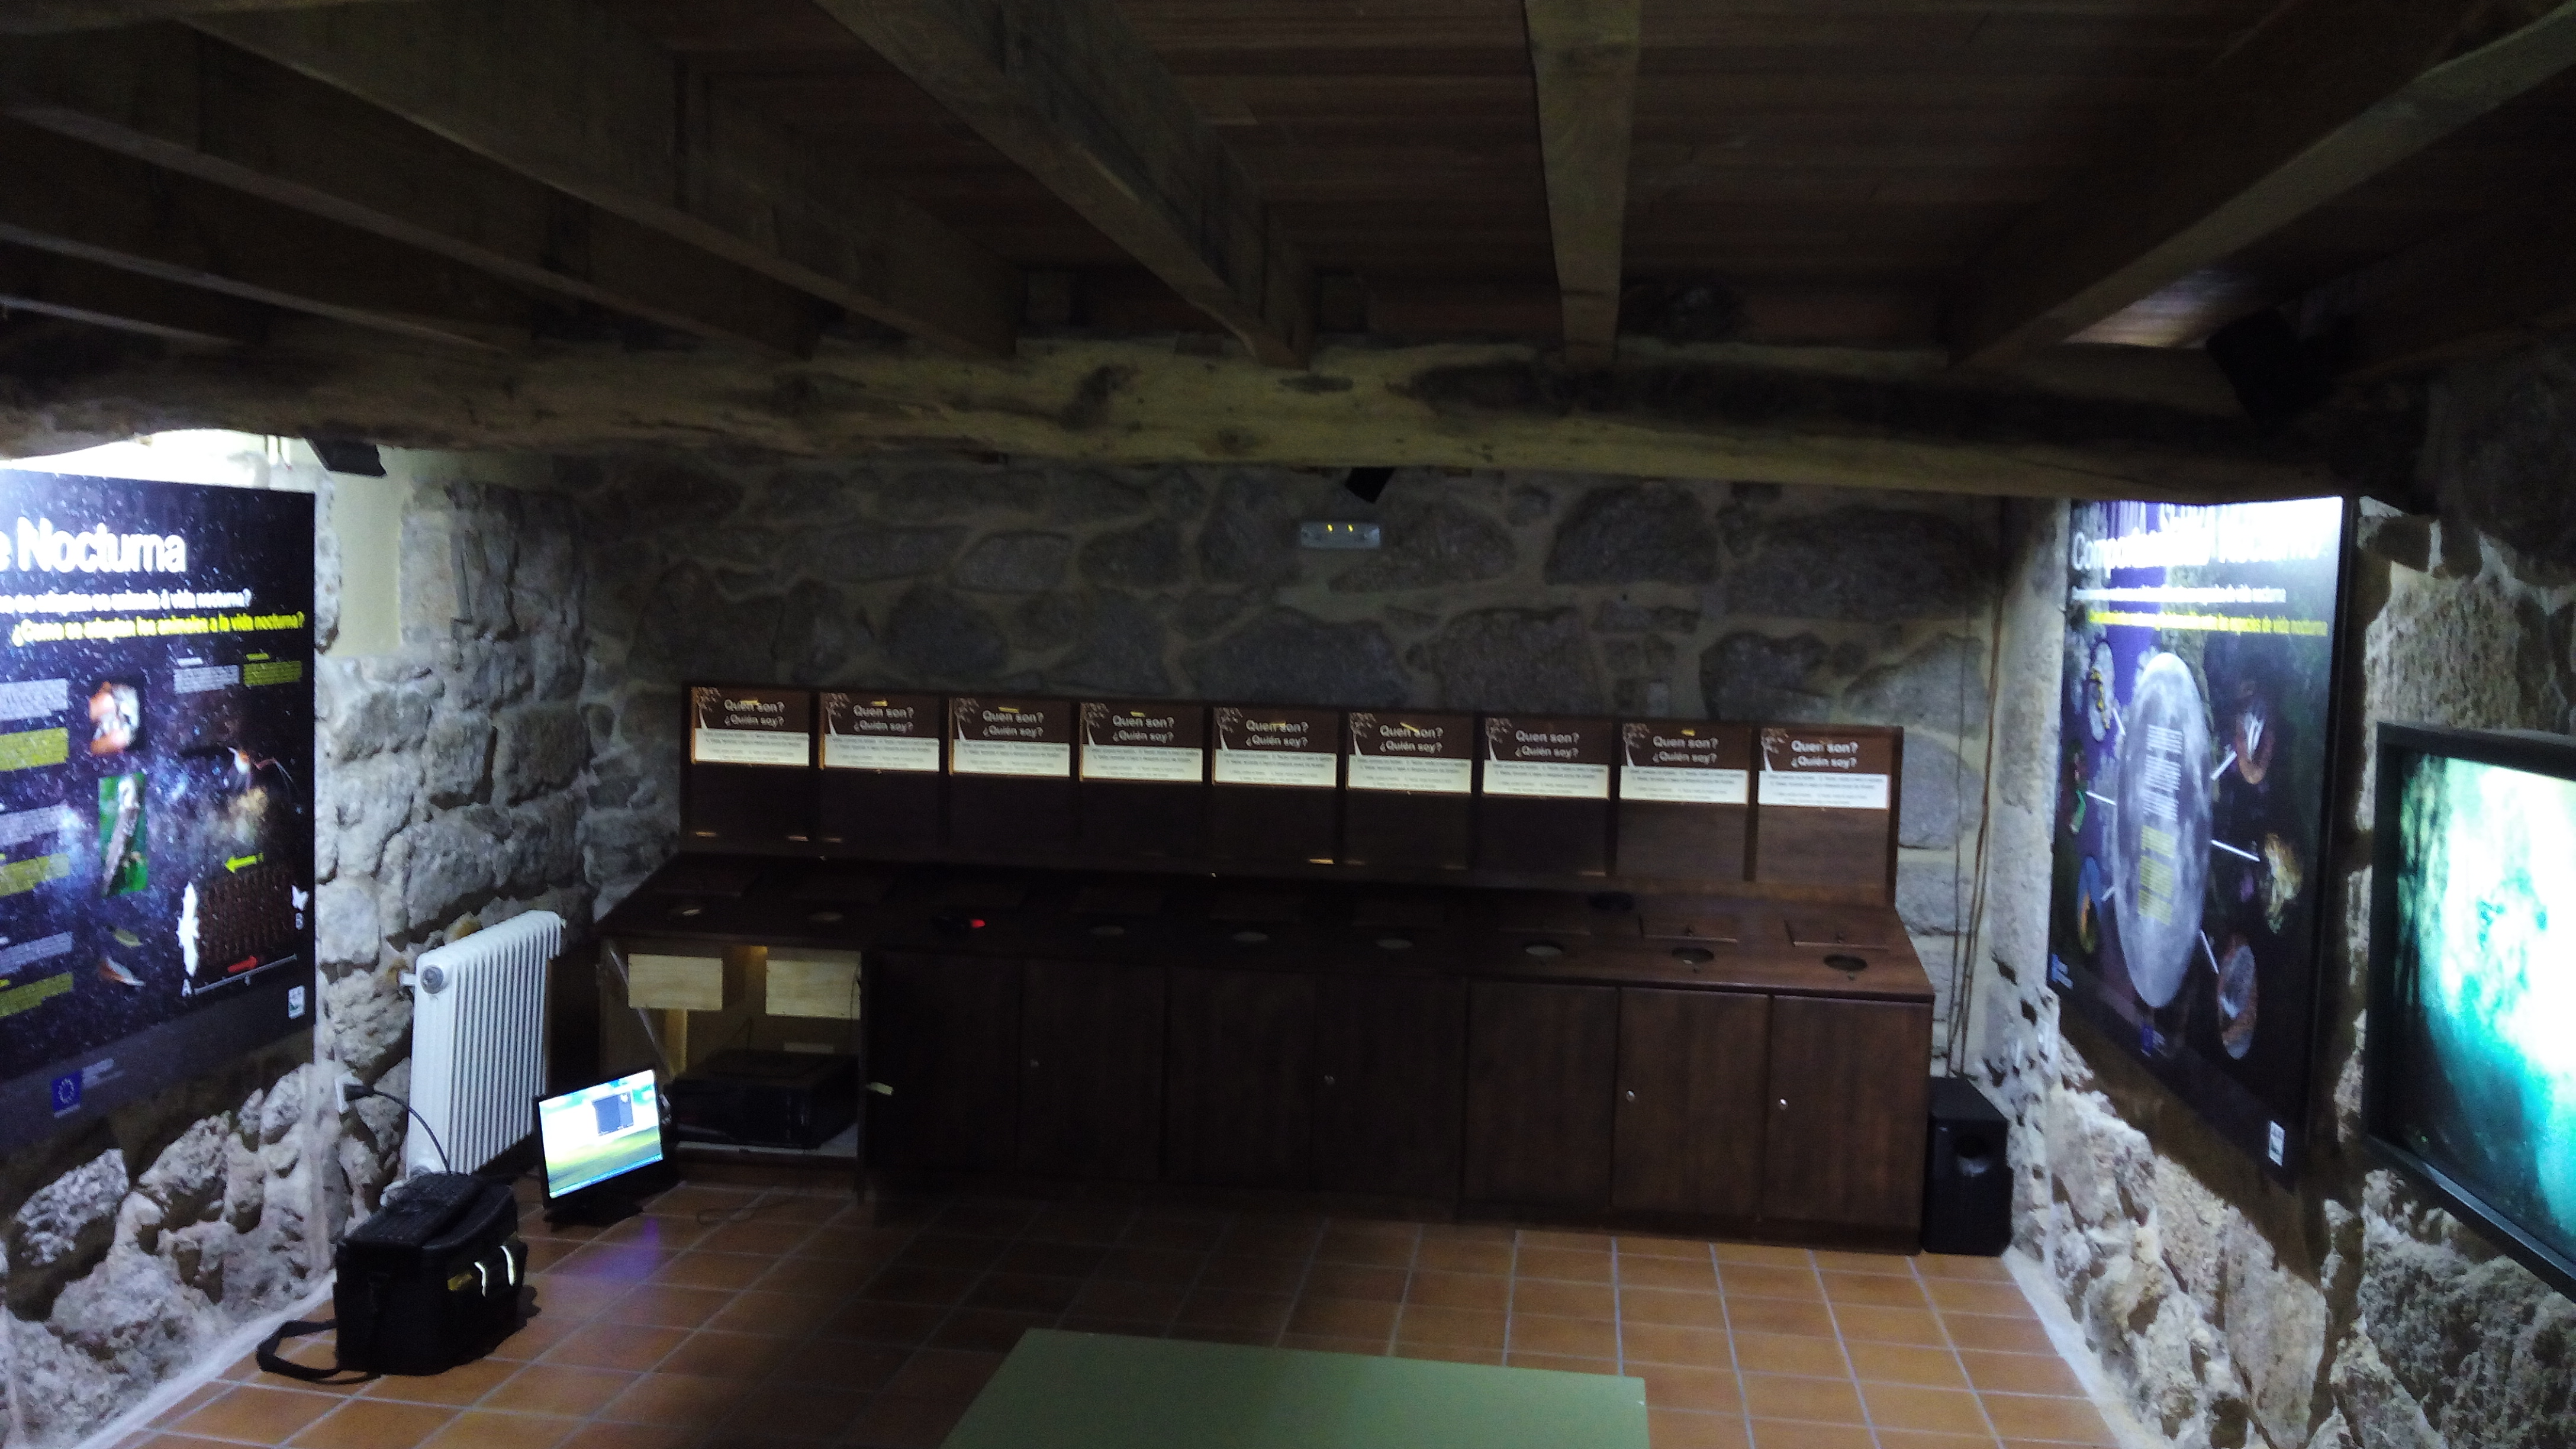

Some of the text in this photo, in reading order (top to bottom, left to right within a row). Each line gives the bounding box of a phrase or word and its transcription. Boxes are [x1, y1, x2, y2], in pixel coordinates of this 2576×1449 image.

[17, 516, 186, 573] Nocturna
[854, 704, 914, 718] Quen son?
[983, 710, 1044, 723] Quen son?
[760, 716, 784, 728] soy?
[1112, 715, 1174, 728] Quen son?
[1246, 719, 1277, 732] Quen
[890, 722, 913, 734] soy?
[1019, 727, 1044, 739] soy?
[1380, 725, 1411, 738] Quen
[1149, 732, 1174, 743] soy?
[1283, 736, 1308, 748] soy?
[1515, 730, 1579, 743] Quen son?
[1653, 736, 1719, 749] Quen son?
[1417, 742, 1442, 754] soy?
[1791, 740, 1859, 753] Quen son?
[1553, 748, 1579, 759] soy?
[1691, 753, 1718, 765] soy?
[1831, 757, 1857, 769] soy?

§ **Requirement**
Would you repeat the listing above exactly, minus the images?

§ **Task result**
Some of the text in this photo, in reading order (top to bottom, left to right within a row). Each line gives the bounding box of a phrase or word and its transcription. Boxes are [x1, y1, x2, y2], in pixel coordinates of this 2576×1449 image.

[17, 516, 186, 573] Nocturna
[854, 704, 914, 718] Quen son?
[983, 710, 1044, 723] Quen son?
[760, 716, 784, 728] soy?
[1112, 715, 1174, 728] Quen son?
[1246, 719, 1277, 732] Quen
[890, 722, 913, 734] soy?
[1019, 727, 1044, 739] soy?
[1380, 725, 1411, 738] Quen
[1149, 732, 1174, 743] soy?
[1283, 736, 1308, 748] soy?
[1515, 730, 1579, 743] Quen son?
[1653, 736, 1719, 749] Quen son?
[1417, 742, 1442, 754] soy?
[1791, 740, 1859, 753] Quen son?
[1553, 748, 1579, 759] soy?
[1691, 753, 1718, 765] soy?
[1831, 757, 1857, 769] soy?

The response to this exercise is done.